● **What is expected**
Produce a verbatim copy of the entries listed below.

*** Data records ***

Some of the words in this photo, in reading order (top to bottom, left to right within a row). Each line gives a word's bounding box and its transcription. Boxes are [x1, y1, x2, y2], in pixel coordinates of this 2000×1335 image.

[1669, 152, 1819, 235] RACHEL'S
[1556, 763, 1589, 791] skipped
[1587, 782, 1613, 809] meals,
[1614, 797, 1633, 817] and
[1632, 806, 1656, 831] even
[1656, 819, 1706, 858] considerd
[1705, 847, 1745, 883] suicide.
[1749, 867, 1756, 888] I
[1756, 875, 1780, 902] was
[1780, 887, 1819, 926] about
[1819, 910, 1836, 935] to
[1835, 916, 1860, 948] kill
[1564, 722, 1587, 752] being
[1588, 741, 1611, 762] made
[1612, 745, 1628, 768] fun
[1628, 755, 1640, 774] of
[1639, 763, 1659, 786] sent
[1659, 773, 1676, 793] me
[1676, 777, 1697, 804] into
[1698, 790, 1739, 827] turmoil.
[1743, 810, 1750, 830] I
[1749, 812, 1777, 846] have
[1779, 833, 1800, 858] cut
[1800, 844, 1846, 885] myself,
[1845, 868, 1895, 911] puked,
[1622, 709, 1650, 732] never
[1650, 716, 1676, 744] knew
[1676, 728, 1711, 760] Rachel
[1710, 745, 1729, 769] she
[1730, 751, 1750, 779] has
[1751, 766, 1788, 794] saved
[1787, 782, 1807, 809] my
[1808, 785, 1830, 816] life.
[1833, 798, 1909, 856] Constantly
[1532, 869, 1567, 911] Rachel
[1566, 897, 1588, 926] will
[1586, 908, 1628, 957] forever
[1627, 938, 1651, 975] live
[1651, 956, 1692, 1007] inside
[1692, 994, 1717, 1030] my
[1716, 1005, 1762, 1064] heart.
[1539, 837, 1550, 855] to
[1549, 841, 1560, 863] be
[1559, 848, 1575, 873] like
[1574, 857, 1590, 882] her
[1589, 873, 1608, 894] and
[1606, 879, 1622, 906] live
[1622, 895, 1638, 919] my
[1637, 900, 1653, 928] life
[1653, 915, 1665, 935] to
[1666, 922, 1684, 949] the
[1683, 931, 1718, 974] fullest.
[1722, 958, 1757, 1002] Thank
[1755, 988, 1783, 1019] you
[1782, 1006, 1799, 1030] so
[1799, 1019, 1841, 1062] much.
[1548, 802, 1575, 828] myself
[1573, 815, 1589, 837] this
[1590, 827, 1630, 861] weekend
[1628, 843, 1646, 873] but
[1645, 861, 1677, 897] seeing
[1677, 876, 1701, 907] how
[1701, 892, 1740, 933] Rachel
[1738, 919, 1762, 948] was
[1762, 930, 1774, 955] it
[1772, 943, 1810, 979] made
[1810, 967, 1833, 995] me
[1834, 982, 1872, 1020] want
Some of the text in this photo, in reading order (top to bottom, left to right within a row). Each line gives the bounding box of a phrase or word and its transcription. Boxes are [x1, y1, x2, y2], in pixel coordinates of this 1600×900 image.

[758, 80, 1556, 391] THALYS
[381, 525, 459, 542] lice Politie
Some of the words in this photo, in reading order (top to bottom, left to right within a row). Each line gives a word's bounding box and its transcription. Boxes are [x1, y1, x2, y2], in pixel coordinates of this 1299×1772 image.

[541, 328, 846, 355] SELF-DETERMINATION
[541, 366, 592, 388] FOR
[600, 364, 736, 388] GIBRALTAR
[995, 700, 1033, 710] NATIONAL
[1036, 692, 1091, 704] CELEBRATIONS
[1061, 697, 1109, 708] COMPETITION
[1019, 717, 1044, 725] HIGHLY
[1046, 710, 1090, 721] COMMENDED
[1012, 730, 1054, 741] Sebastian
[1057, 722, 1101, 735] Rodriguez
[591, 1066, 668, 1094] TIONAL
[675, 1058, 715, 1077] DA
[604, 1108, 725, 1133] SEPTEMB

*** End of Data records ***

● **Written response**
Some of the words in this photo, in reading order (top to bottom, left to right within a row). Each line gives a word's bounding box and its transcription. Boxes are [x1, y1, x2, y2], in pixel coordinates of this 2000×1335 image.

[1669, 152, 1819, 235] RACHEL'S
[1556, 763, 1589, 791] skipped
[1587, 782, 1613, 809] meals,
[1614, 797, 1633, 817] and
[1632, 806, 1656, 831] even
[1656, 819, 1706, 858] considerd
[1705, 847, 1745, 883] suicide.
[1749, 867, 1756, 888] I
[1756, 875, 1780, 902] was
[1780, 887, 1819, 926] about
[1819, 910, 1836, 935] to
[1835, 916, 1860, 948] kill
[1564, 722, 1587, 752] being
[1588, 741, 1611, 762] made
[1612, 745, 1628, 768] fun
[1628, 755, 1640, 774] of
[1639, 763, 1659, 786] sent
[1659, 773, 1676, 793] me
[1676, 777, 1697, 804] into
[1698, 790, 1739, 827] turmoil.
[1743, 810, 1750, 830] I
[1749, 812, 1777, 846] have
[1779, 833, 1800, 858] cut
[1800, 844, 1846, 885] myself,
[1845, 868, 1895, 911] puked,
[1622, 709, 1650, 732] never
[1650, 716, 1676, 744] knew
[1676, 728, 1711, 760] Rachel
[1710, 745, 1729, 769] she
[1730, 751, 1750, 779] has
[1751, 766, 1788, 794] saved
[1787, 782, 1807, 809] my
[1808, 785, 1830, 816] life.
[1833, 798, 1909, 856] Constantly
[1532, 869, 1567, 911] Rachel
[1566, 897, 1588, 926] will
[1586, 908, 1628, 957] forever
[1627, 938, 1651, 975] live
[1651, 956, 1692, 1007] inside
[1692, 994, 1717, 1030] my
[1716, 1005, 1762, 1064] heart.
[1539, 837, 1550, 855] to
[1549, 841, 1560, 863] be
[1559, 848, 1575, 873] like
[1574, 857, 1590, 882] her
[1589, 873, 1608, 894] and
[1606, 879, 1622, 906] live
[1622, 895, 1638, 919] my
[1637, 900, 1653, 928] life
[1653, 915, 1665, 935] to
[1666, 922, 1684, 949] the
[1683, 931, 1718, 974] fullest.
[1722, 958, 1757, 1002] Thank
[1755, 988, 1783, 1019] you
[1782, 1006, 1799, 1030] so
[1799, 1019, 1841, 1062] much.
[1548, 802, 1575, 828] myself
[1573, 815, 1589, 837] this
[1590, 827, 1630, 861] weekend
[1628, 843, 1646, 873] but
[1645, 861, 1677, 897] seeing
[1677, 876, 1701, 907] how
[1701, 892, 1740, 933] Rachel
[1738, 919, 1762, 948] was
[1762, 930, 1774, 955] it
[1772, 943, 1810, 979] made
[1810, 967, 1833, 995] me
[1834, 982, 1872, 1020] want
Some of the text in this photo, in reading order (top to bottom, left to right within a row). Each line gives the bounding box of a phrase or word and its transcription. Boxes are [x1, y1, x2, y2], in pixel coordinates of this 1600×900 image.

[758, 80, 1556, 391] THALYS
[381, 525, 459, 542] lice Politie
Some of the words in this photo, in reading order (top to bottom, left to right within a row). Each line gives a word's bounding box and its transcription. Boxes are [x1, y1, x2, y2], in pixel coordinates of this 1299×1772 image.

[541, 328, 846, 355] SELF-DETERMINATION
[541, 366, 592, 388] FOR
[600, 364, 736, 388] GIBRALTAR
[995, 700, 1033, 710] NATIONAL
[1036, 692, 1091, 704] CELEBRATIONS
[1061, 697, 1109, 708] COMPETITION
[1019, 717, 1044, 725] HIGHLY
[1046, 710, 1090, 721] COMMENDED
[1012, 730, 1054, 741] Sebastian
[1057, 722, 1101, 735] Rodriguez
[591, 1066, 668, 1094] TIONAL
[675, 1058, 715, 1077] DA
[604, 1108, 725, 1133] SEPTEMB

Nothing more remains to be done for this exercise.